DATASET CONTENT:
· · · · ·

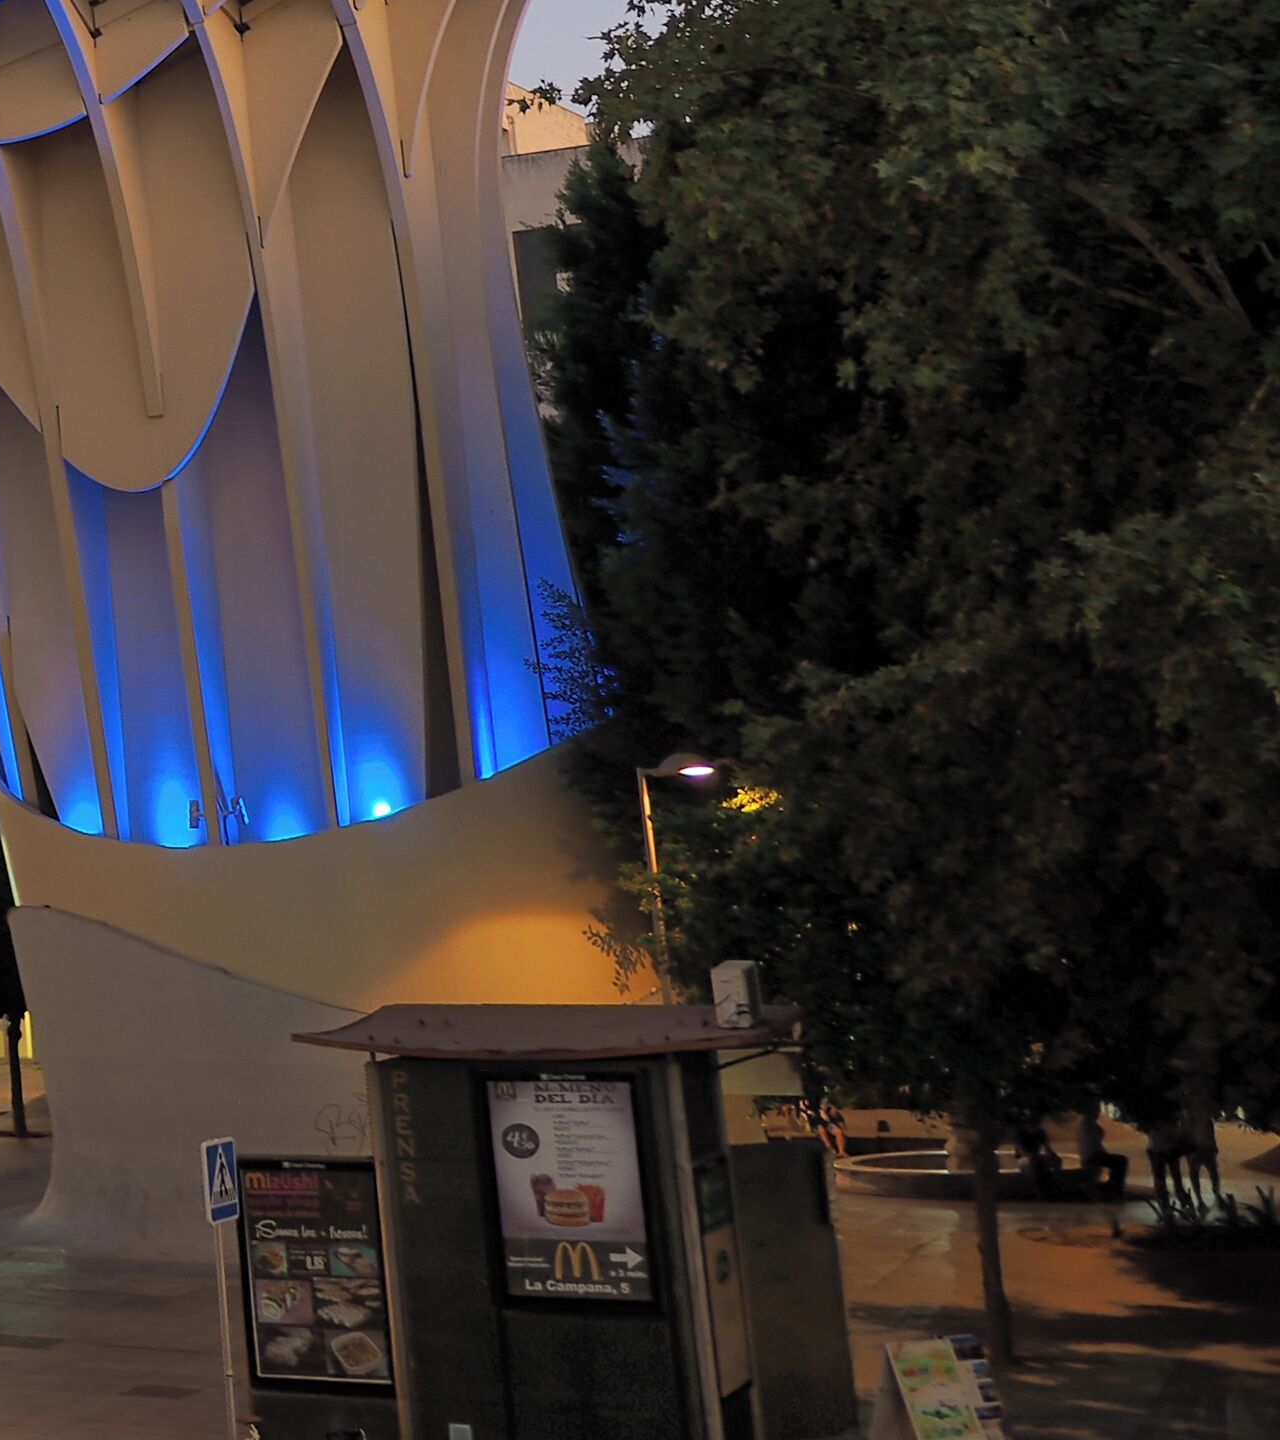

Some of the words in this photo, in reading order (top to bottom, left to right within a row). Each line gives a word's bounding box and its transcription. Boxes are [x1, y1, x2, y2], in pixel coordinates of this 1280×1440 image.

[534, 1094, 572, 1104] DEL
[391, 1070, 423, 1205] PRENSA
[525, 1279, 543, 1291] La
[546, 1280, 618, 1295] Campana,
[620, 1282, 631, 1294] 5

· · · · ·

PROBLEM DESCRIPTION:
When you repeat the data, keep every line exact and drop the images.

RESPONSE AREA:
Some of the words in this photo, in reading order (top to bottom, left to right within a row). Each line gives a word's bounding box and its transcription. Boxes are [x1, y1, x2, y2], in pixel coordinates of this 1280×1440 image.

[534, 1094, 572, 1104] DEL
[391, 1070, 423, 1205] PRENSA
[525, 1279, 543, 1291] La
[546, 1280, 618, 1295] Campana,
[620, 1282, 631, 1294] 5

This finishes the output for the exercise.